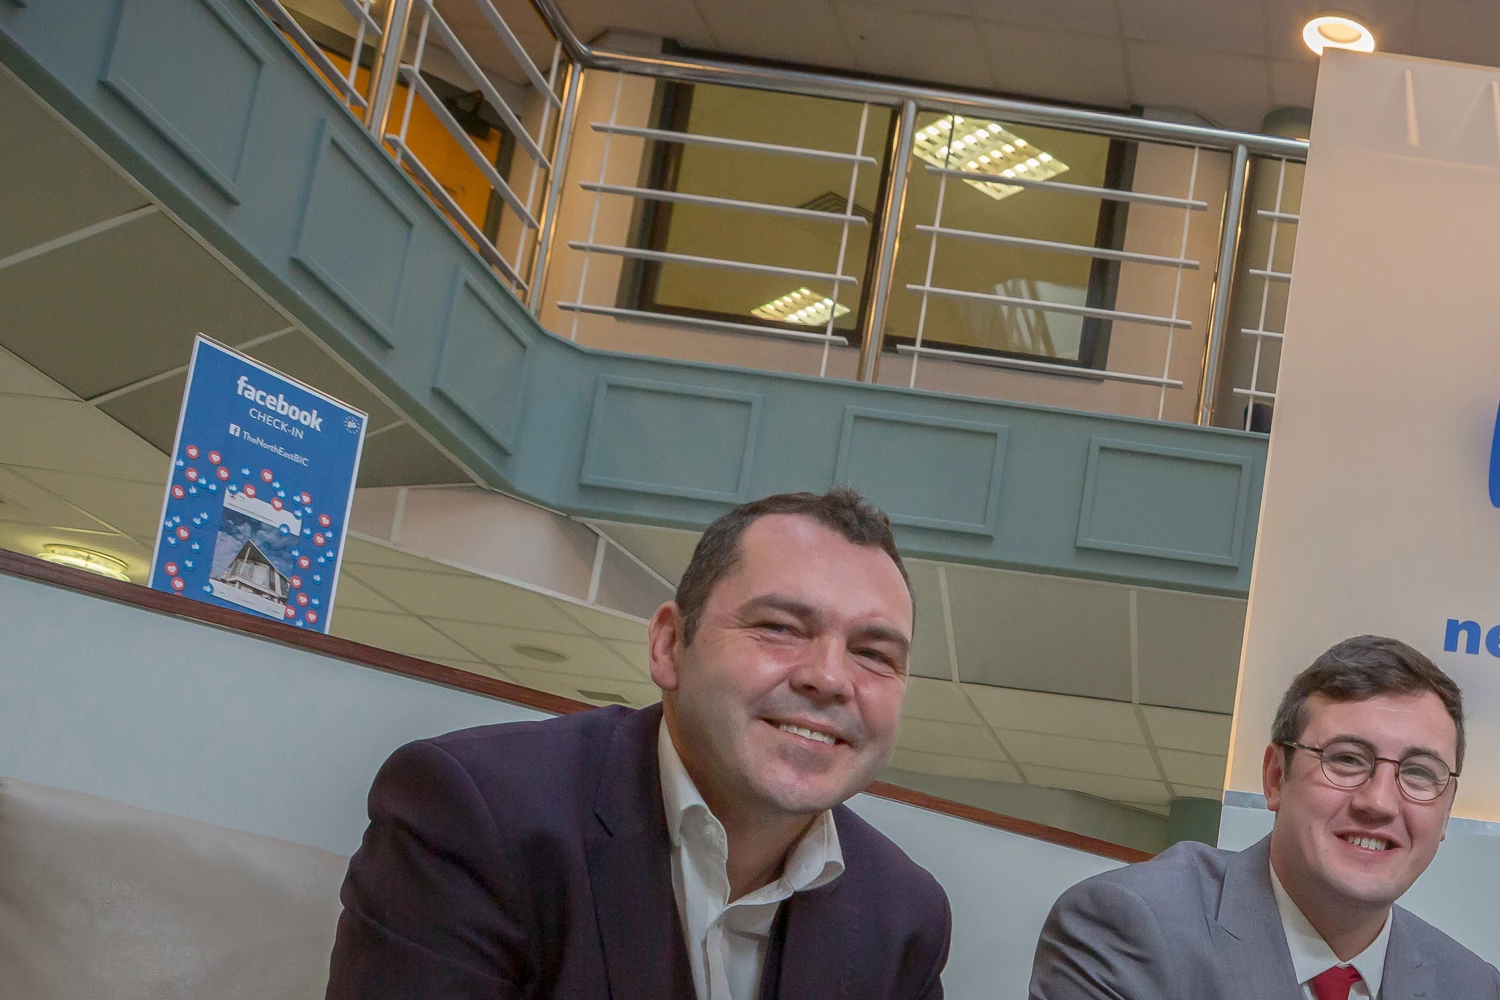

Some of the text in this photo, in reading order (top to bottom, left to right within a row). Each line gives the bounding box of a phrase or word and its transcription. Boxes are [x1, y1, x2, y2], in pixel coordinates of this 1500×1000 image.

[237, 375, 323, 432] facebook
[249, 408, 304, 439] CHECK-IN
[243, 430, 309, 467] TheNorthEastBIC
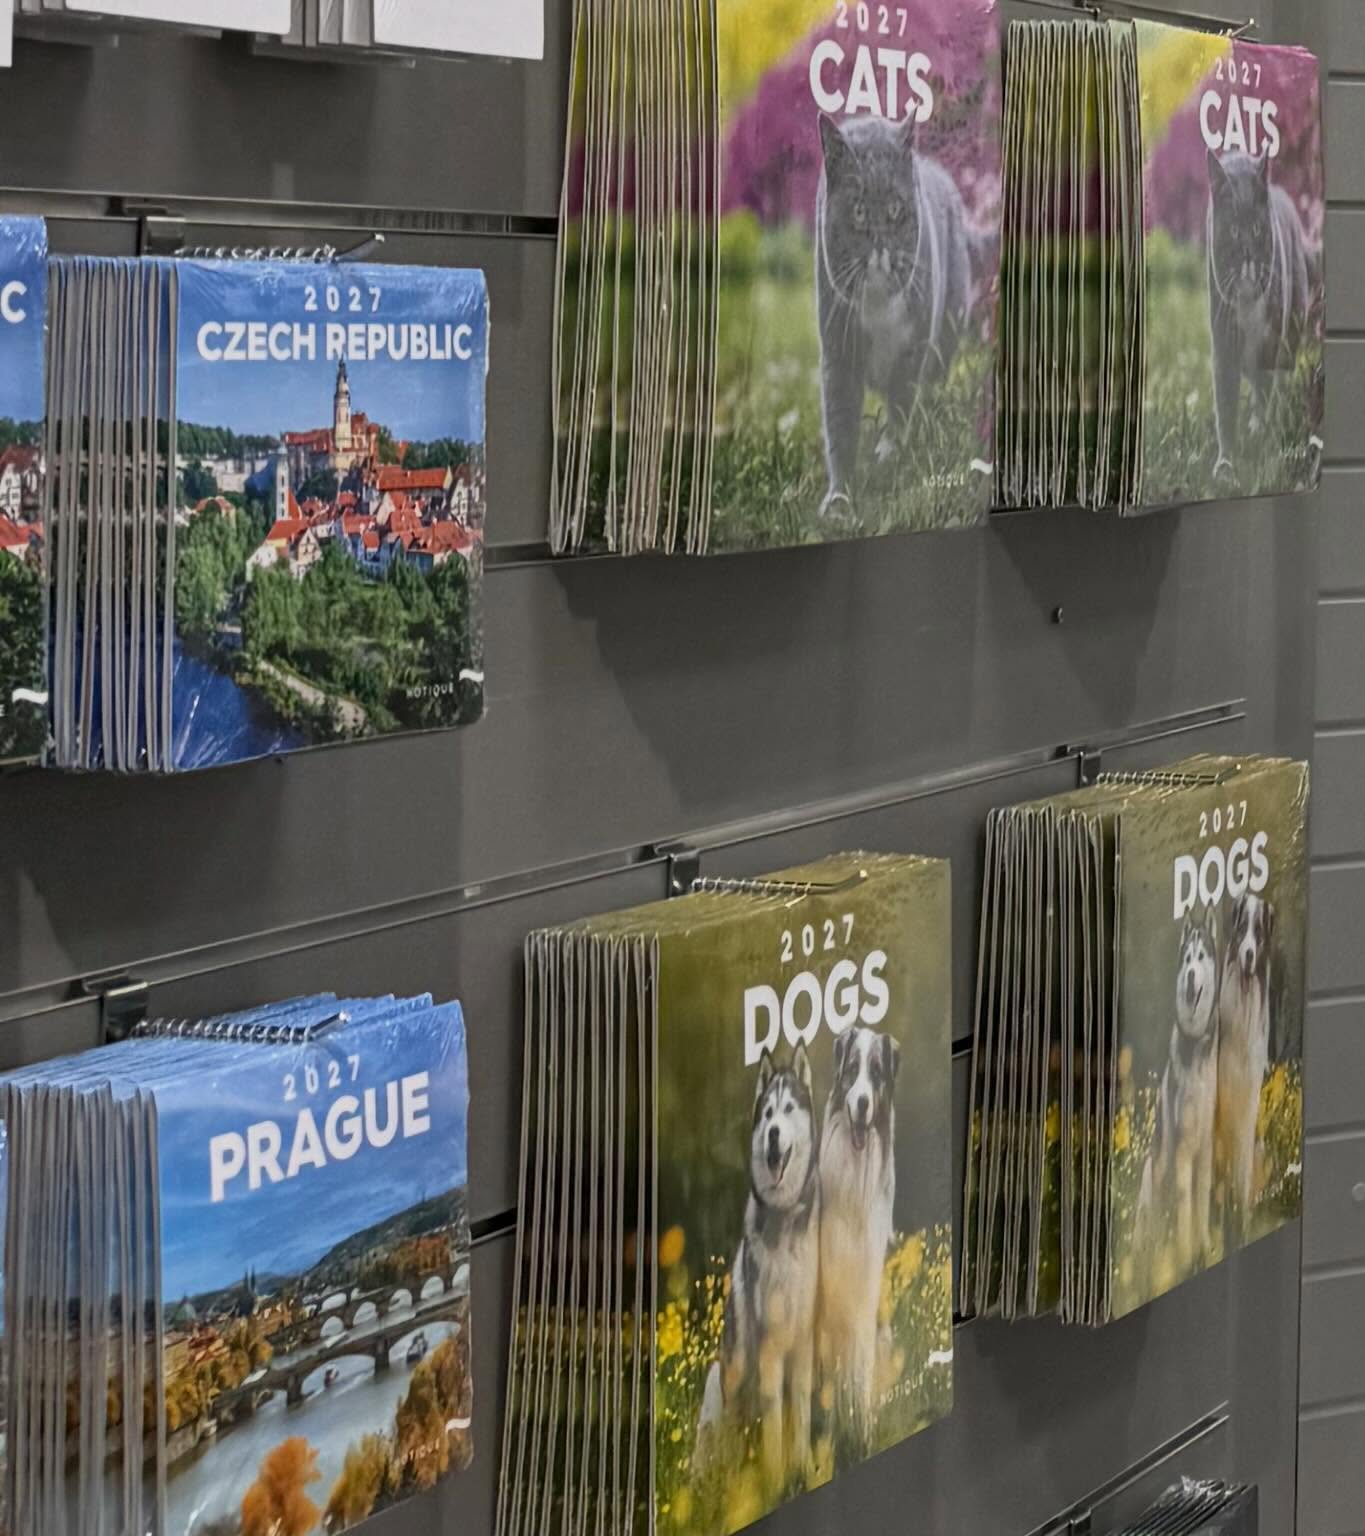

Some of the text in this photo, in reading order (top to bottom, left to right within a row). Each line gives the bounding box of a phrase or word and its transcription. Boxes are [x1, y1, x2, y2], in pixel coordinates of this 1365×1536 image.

[834, 0, 910, 38] 2027
[808, 39, 934, 124] CATS
[1214, 54, 1263, 90] 2027
[1198, 89, 1281, 159] CATS
[304, 286, 382, 313] 2027
[196, 321, 473, 361] CZECH REPUBLIC
[1199, 799, 1248, 836] 2027
[1173, 832, 1269, 920] DOGS
[780, 912, 856, 964] 2027
[743, 949, 891, 1068] DOGS
[282, 1054, 362, 1103] 2027
[208, 1070, 432, 1204] PRAGUE
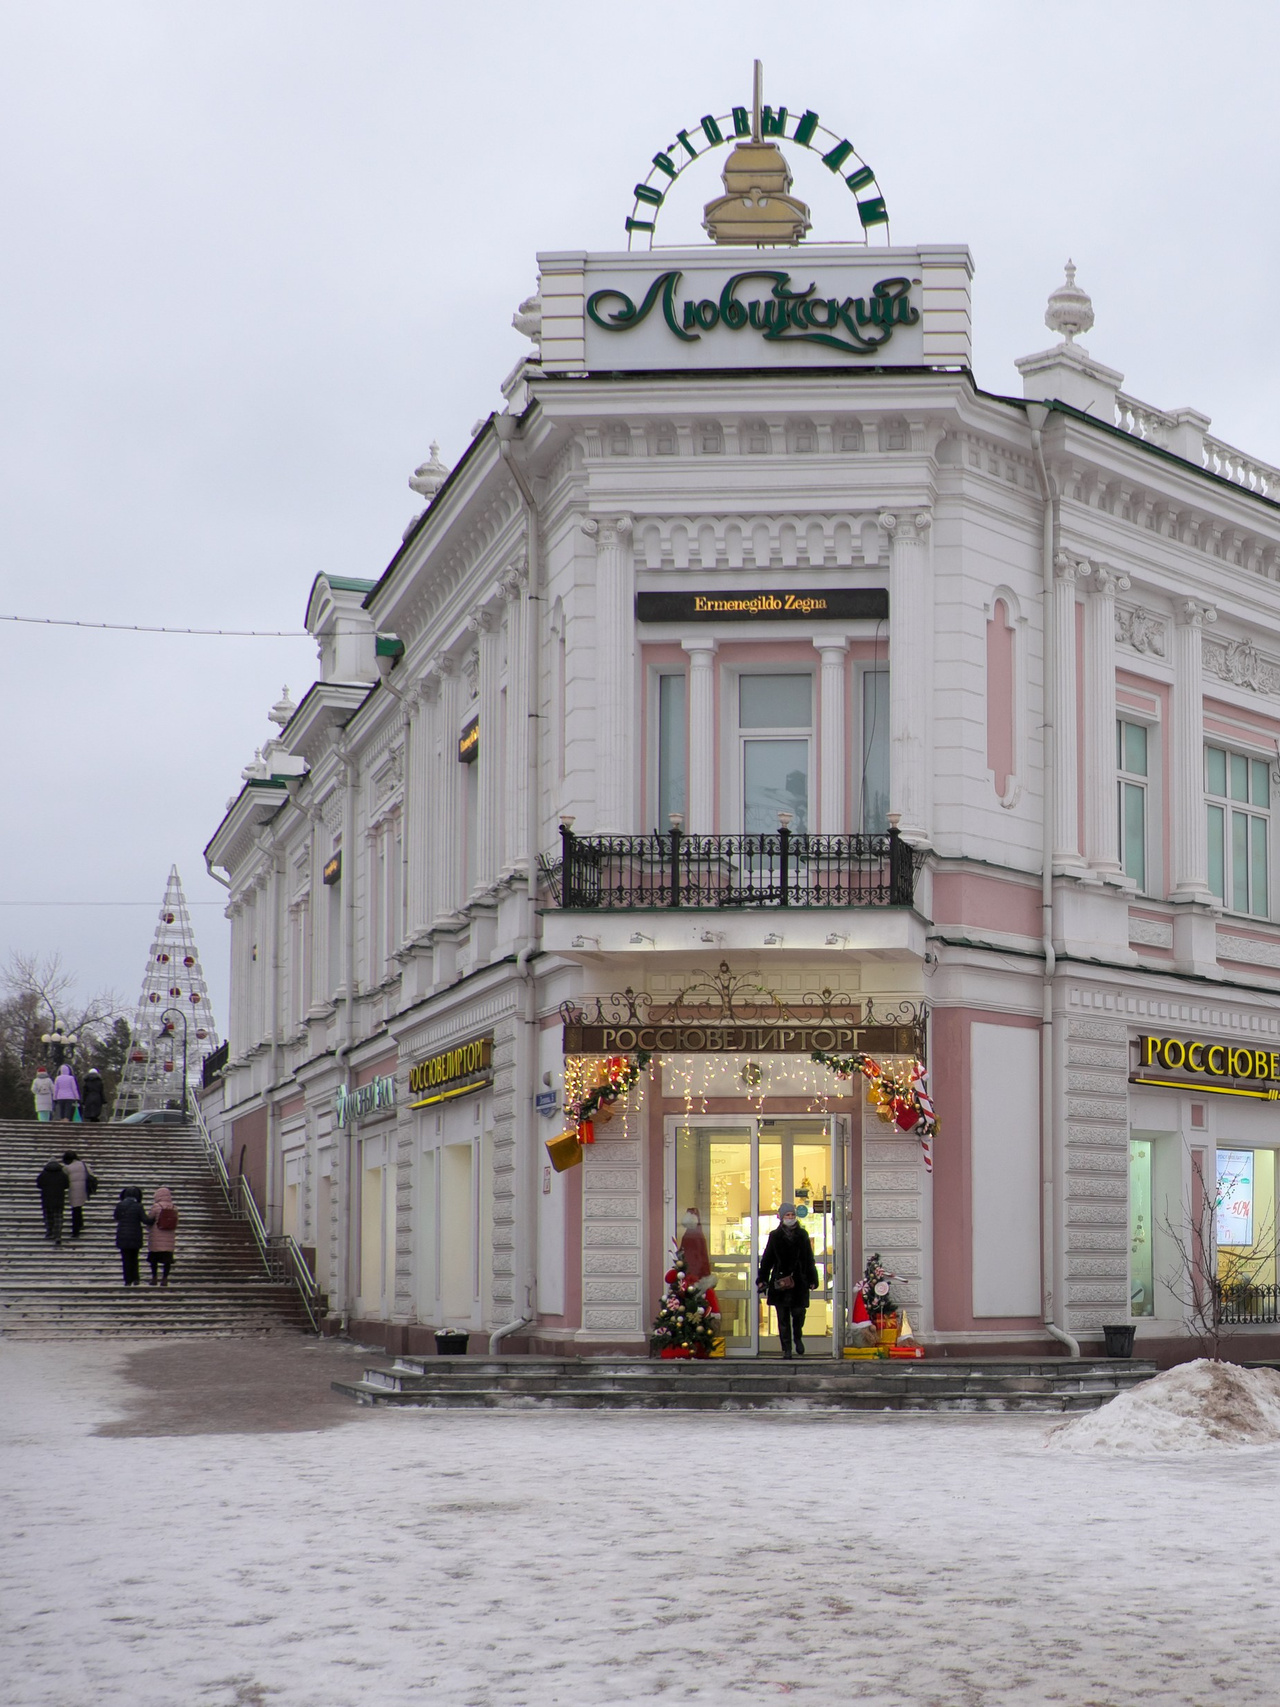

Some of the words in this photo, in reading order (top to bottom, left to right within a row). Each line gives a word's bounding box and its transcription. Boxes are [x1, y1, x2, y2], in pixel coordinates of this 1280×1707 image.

[625, 105, 820, 234] ТОРГОВЫЙ
[821, 138, 890, 229] ДОМ
[586, 271, 921, 354] Любинский
[694, 595, 782, 614] Ermenegildo
[784, 594, 828, 614] Zegna
[603, 1028, 867, 1051] РОССЮВЕЛИРТОРГ
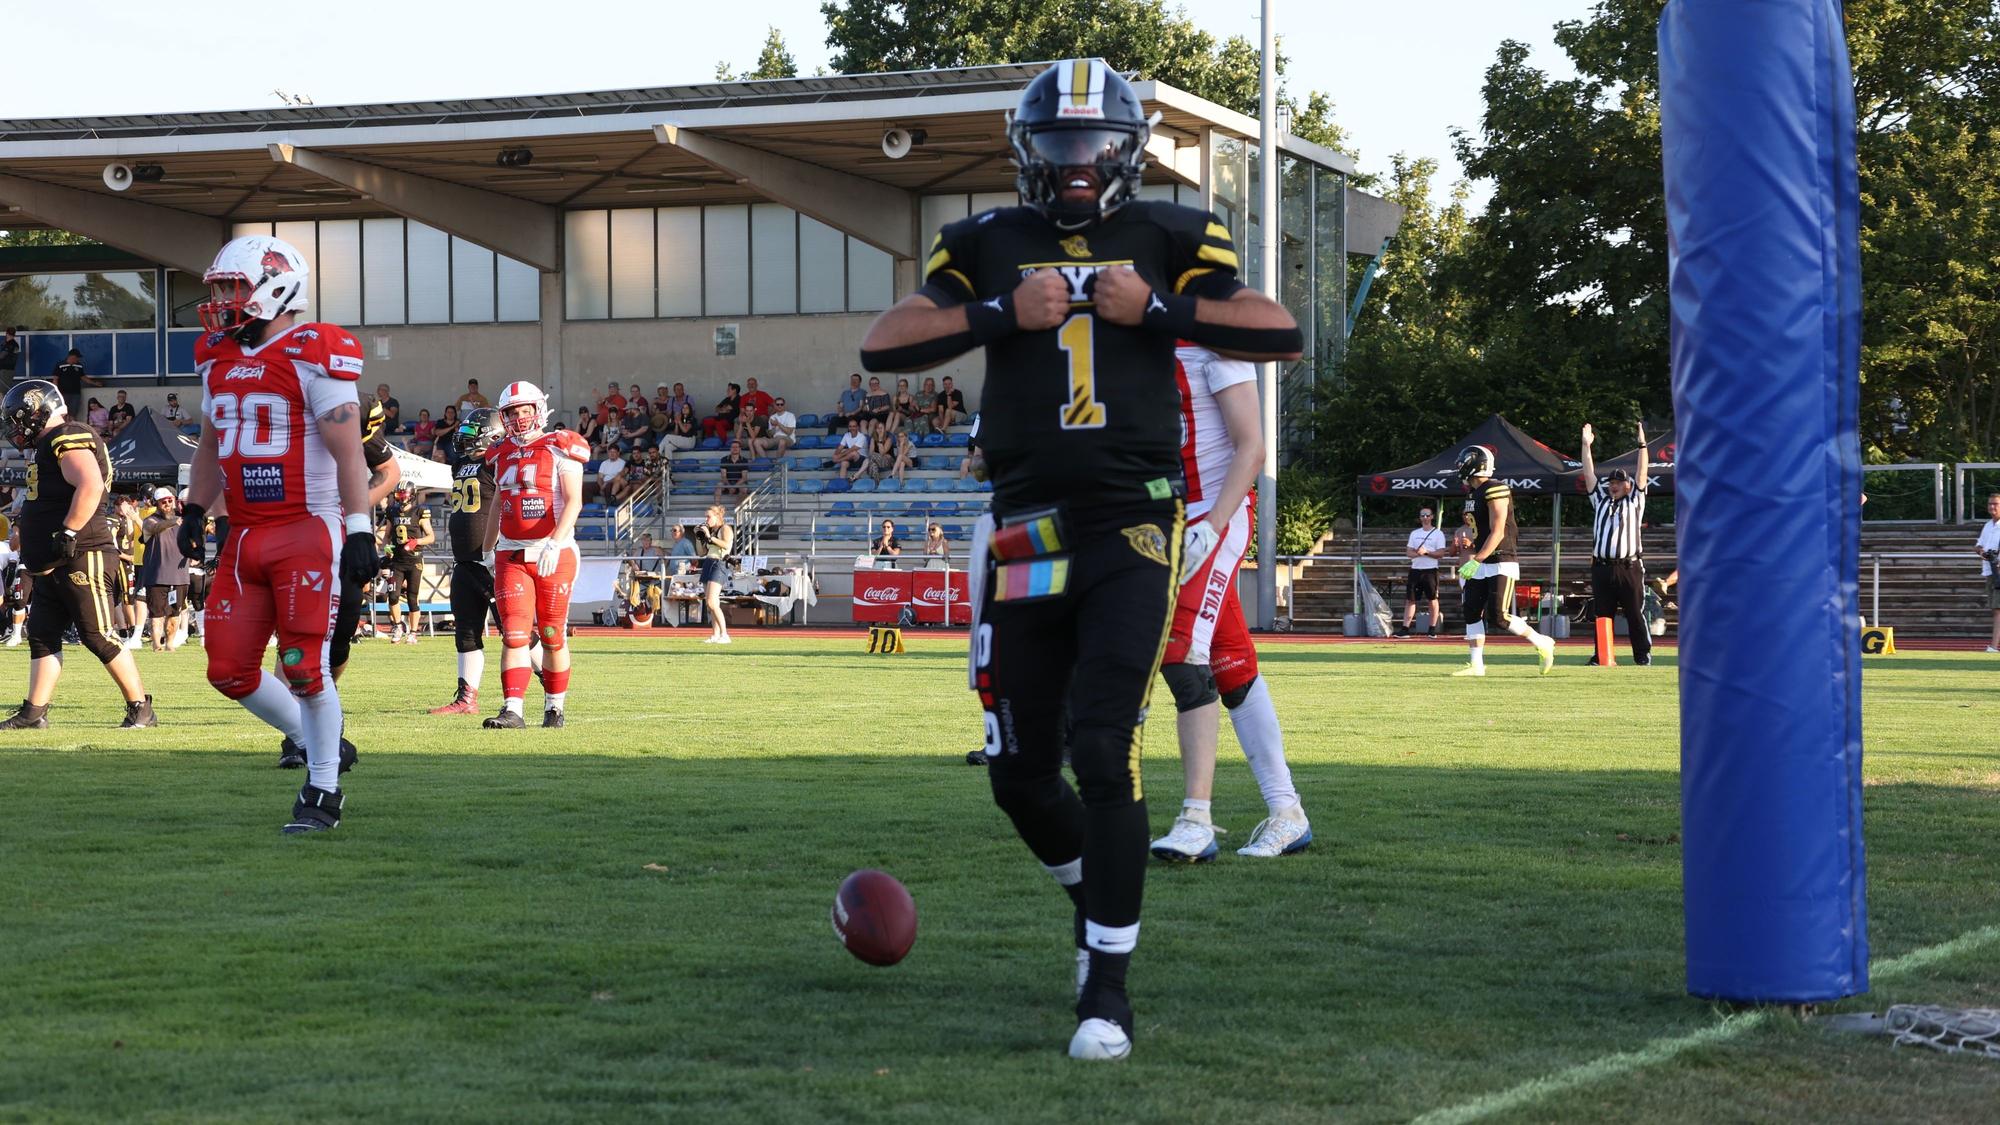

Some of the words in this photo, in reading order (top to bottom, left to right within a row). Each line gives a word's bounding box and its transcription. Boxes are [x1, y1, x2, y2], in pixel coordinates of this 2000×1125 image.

+++++

Problem statement: What you return should be the entries from above, unchanged and without their images.

Exercise response:
Some of the text in this photo, in reading order (top to bottom, left to right within a row). Each line gives the bounding box of a phrase or word and its transcription. Boxes are [x1, y1, x2, y2], in pixel coordinates of this 1500×1000 image.

[237, 375, 323, 432] facebook
[249, 408, 304, 439] CHECK-IN
[243, 430, 309, 467] TheNorthEastBIC

Some of the text in this photo, in reading order (top to bottom, left to right within a row). Each line gives the bounding box of a phrase or word and its transcription. Boxes are [x1, y1, x2, y2], in pixel coordinates of this 1365×1536 image.

[834, 0, 910, 38] 2027
[808, 39, 934, 124] CATS
[1214, 54, 1263, 90] 2027
[1198, 89, 1281, 159] CATS
[304, 286, 382, 313] 2027
[196, 321, 473, 361] CZECH REPUBLIC
[1199, 799, 1248, 836] 2027
[1173, 832, 1269, 920] DOGS
[780, 912, 856, 964] 2027
[743, 949, 891, 1068] DOGS
[282, 1054, 362, 1103] 2027
[208, 1070, 432, 1204] PRAGUE

Some of the words in this photo, in reading order (top to bottom, left to right within a row). Each line gives a word's bounding box and its transcription. Boxes are [x1, y1, x2, y2], in pixel coordinates of this 1280×1707 image.

[625, 105, 820, 234] ТОРГОВЫЙ
[821, 138, 890, 229] ДОМ
[586, 271, 921, 354] Любинский
[694, 595, 782, 614] Ermenegildo
[784, 594, 828, 614] Zegna
[603, 1028, 867, 1051] РОССЮВЕЛИРТОРГ

Some of the words in this photo, in reading order (top to bottom, left to right within a row). Each line gives a word's bounding box and its transcription. Boxes are [x1, y1, x2, y2], in pixel coordinates of this 2000×1125 image.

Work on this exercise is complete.